Ephesians Meditations No.38
Eph 4:29-32 Do not let any unwholesome talk come out of your mouths, but only what is helpful for building others up according to their needs, that it may benefit those who listen. And do not grieve the Holy Spirit of God, with whom you were sealed for the day of redemption. Get rid of all bitterness, rage and anger, brawling and slander, along with every form of malice. Be kind and compassionate to one another, forgiving each other, just as in Christ God forgave you
We continue with this list of very practical things that Paul is writing about, ways of living out the life we now have with Christ. We remind ourselves again that the Christian life is first of all about what has been done to us by God’s Holy Spirit on the basis of the finished work of Christ on the Cross, and then about how that works out in our everyday lives, the part we have to play in it all. In the previous meditation we saw the first three things that Paul highlighted – the way we speak (truthfully), the way we feel (limiting anger) and then the way we respect other people’s possessions (no stealing). So let’s see how he continues.
“Do not let any unwholesome talk come out of your mouths.” Now that is challenging, especially in the light of the today’s tendency to be free and easy in respect of speech. Recently we watched a comedian known for one line jokes, performing for about ten minutes. For the first seven minutes you could not fault his humour but in the last three minutes he slid into sexual innuendo (and not innuendo!). It was as if he just couldn’t keep away from it. We heard of another comedian who decided to do an evening without swearing and found he got just as many laughs and so decided to reduce the language from then on. Comedians (and our acceptance of them) are good gauges of society and sadly in the Britain, we don’t show up very well. It used to be said, “Only say what you could have said in front of your grandmother.” Why a grandmother? I think it is because of our assumption that standards used to be much tighter. We’ve lost a lot. Have you? If you have, it’s time to do a clean up on your language if you are a Christian.
But Paul doesn’t leave the language issue negatively. He continues: “but only what is helpful for building others up according to their needs, that it may benefit those who listen.” He says what Solomon so often says in the Proverbs: your tongue can be a means of blessing others. Do you bless other with what you say to them? Do they feel built up and encouraged by you?
But then there comes a hidden implication: “And do not grieve the Holy Spirit of God, with whom you were sealed for the day of redemption.” The ‘And’ means that is a continuation from what has just been said. In other words you have the capacity, by what you say, of grieving or upsetting the Holy Spirit who lives in you. He is holy and pure. Is your language holy and pure? If not you will be upsetting the Lord who lives within you. (And then we have the nerve to ask things of Him!!). When you first met your husband/wife/partner and fell in love, I am sure you would have only said things to them that you know would have blessed them, and not said things you knew would have upset them, so why do we say things that we know will upset God?

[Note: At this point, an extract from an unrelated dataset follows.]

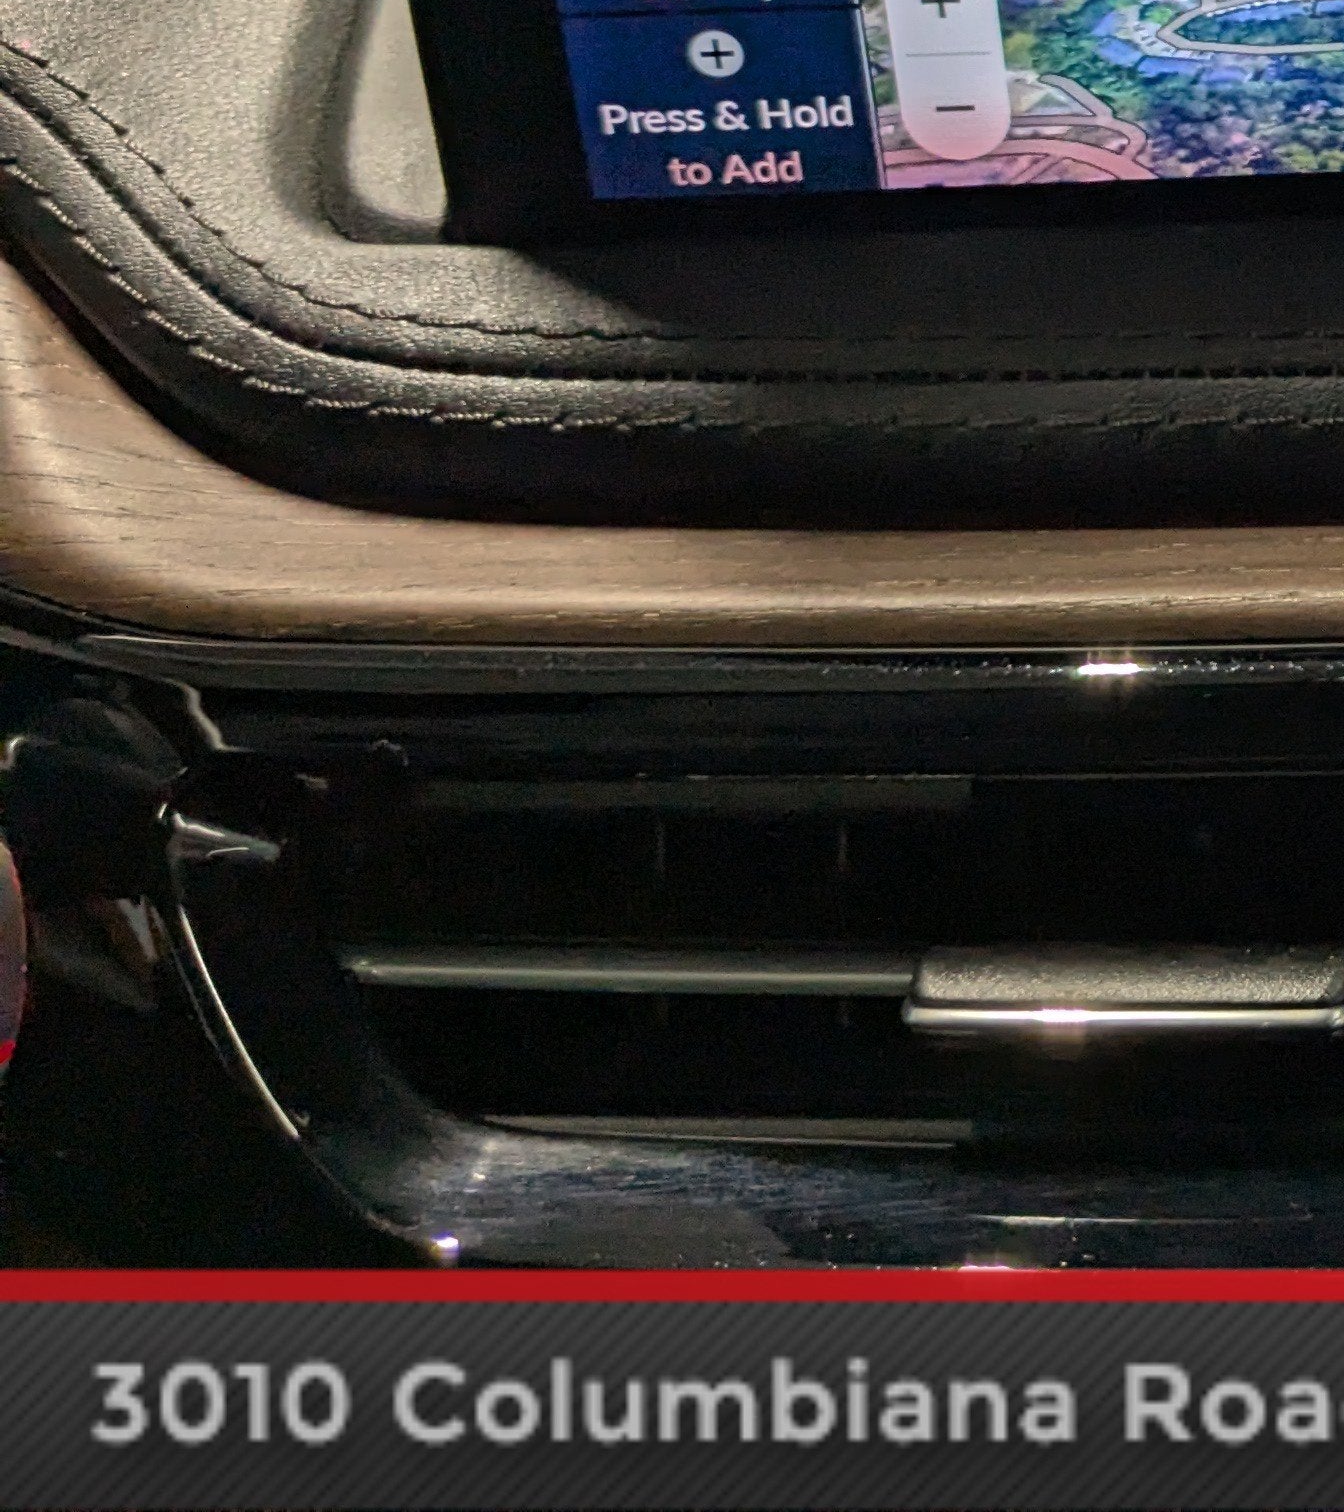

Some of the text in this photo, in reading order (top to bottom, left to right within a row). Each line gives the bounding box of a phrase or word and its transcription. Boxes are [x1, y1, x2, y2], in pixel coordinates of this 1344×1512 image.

[599, 95, 854, 136] Press & Hold
[668, 150, 804, 187] to Add
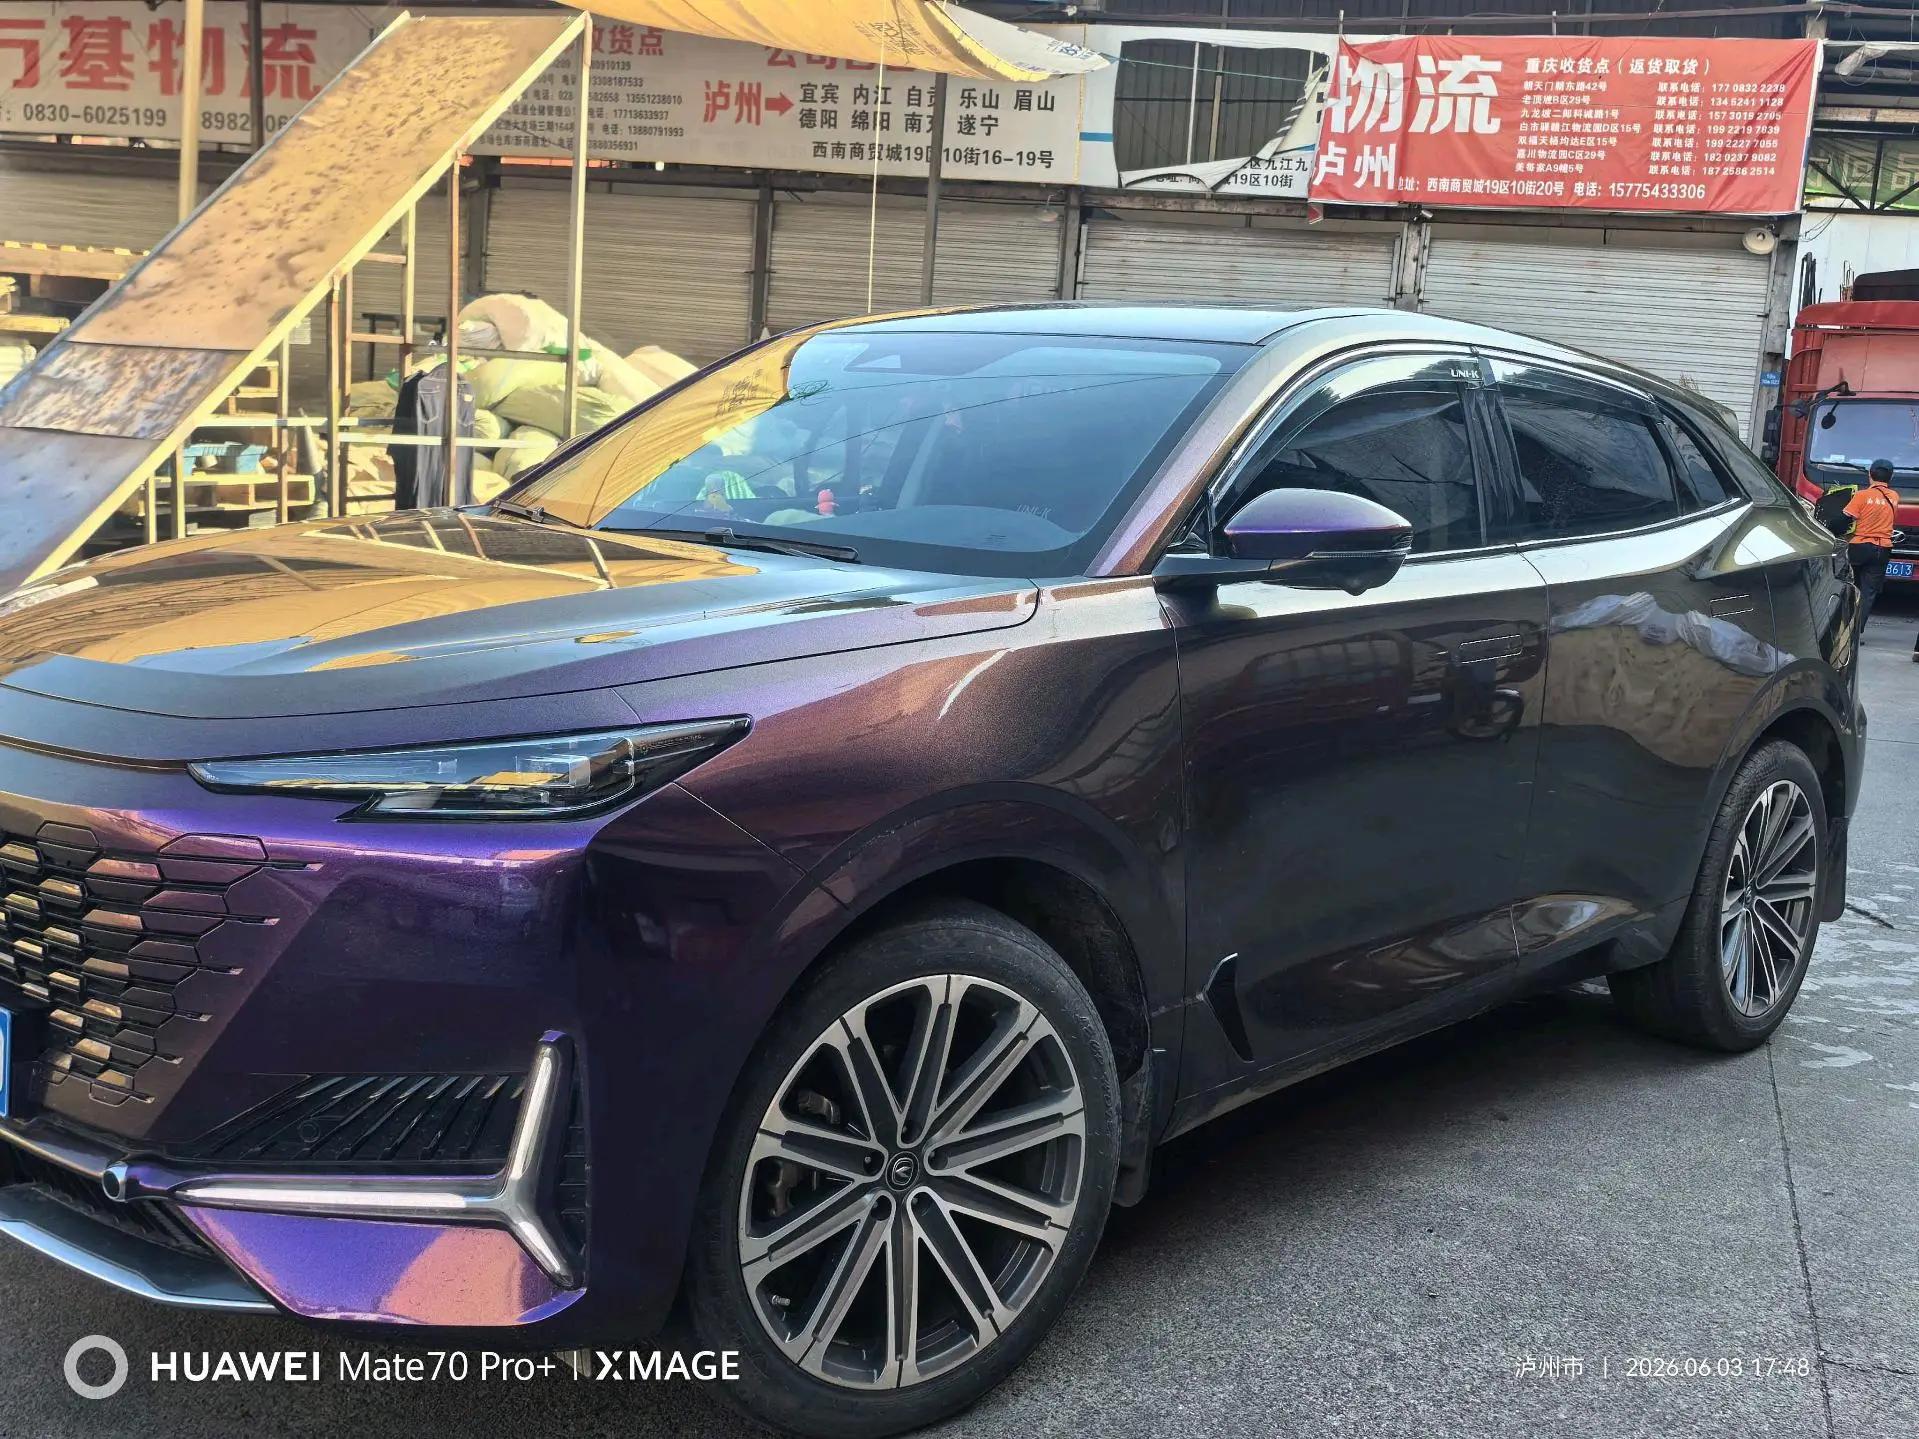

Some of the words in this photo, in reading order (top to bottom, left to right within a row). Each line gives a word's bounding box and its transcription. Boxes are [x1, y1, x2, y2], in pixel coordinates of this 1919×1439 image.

He then continues with a sweeping list: “Get rid of all bitterness, rage and anger, brawling and slander, along with every form of malice.” The fruit of the spirit is gentleness (Gal 5:22,23) so how can we equate that which He wants to work out in us with any of the things in this list? We shouldn’t need to work our way through this list should we? These things are things in the life of someone who is disturbed and not at peace with themselves or with God; these are the outworkings of a person who is out of control of their life. Yet the fruit of the Spirit is also self-control (Gal 5:23) and we are told to add self-control to our lives (2 Pet 1:6). ‘Rage and anger’ are expressions of a person out of control, but as Christians this should not be us. ‘Slander and malice’ are expressions of a person out of control, unable to be gracious and that must not be us. ‘Bitterness’ is an emotion that has taken us over, and we must not let that happen. ‘Brawling’ is out of control (drunken?) behaviour that often results in harm or damage – and that must not be us. Check it out: get rid of these if they occur in your life!
But again Paul puts in the positive to counter these negatives: “Be kind and compassionate to one another, forgiving each other, just as in Christ God forgave you.” This is a totally different sort of person and this is what Christ calls us to. Is that you? Good hearted and gentle and caring and feeling for people? Is that you? Not holding onto grievances? The message is simple and straight forward: Christians are supposed to be nice to be around! In an article I came across recently, an atheist grudgingly conceded that “Christianity changes people’s hearts. It brings a spiritual transformation. The rebirth is real. The change is good.” I thought that was a tremendous testimony, especially coming from an atheist! But that’s how it is supposed to be. As another writer wrote, “Part of the reason for Christianity’s rapid spread, historians have remarked, was simply that the early Christians were such nice people.” Let’s keep it like that!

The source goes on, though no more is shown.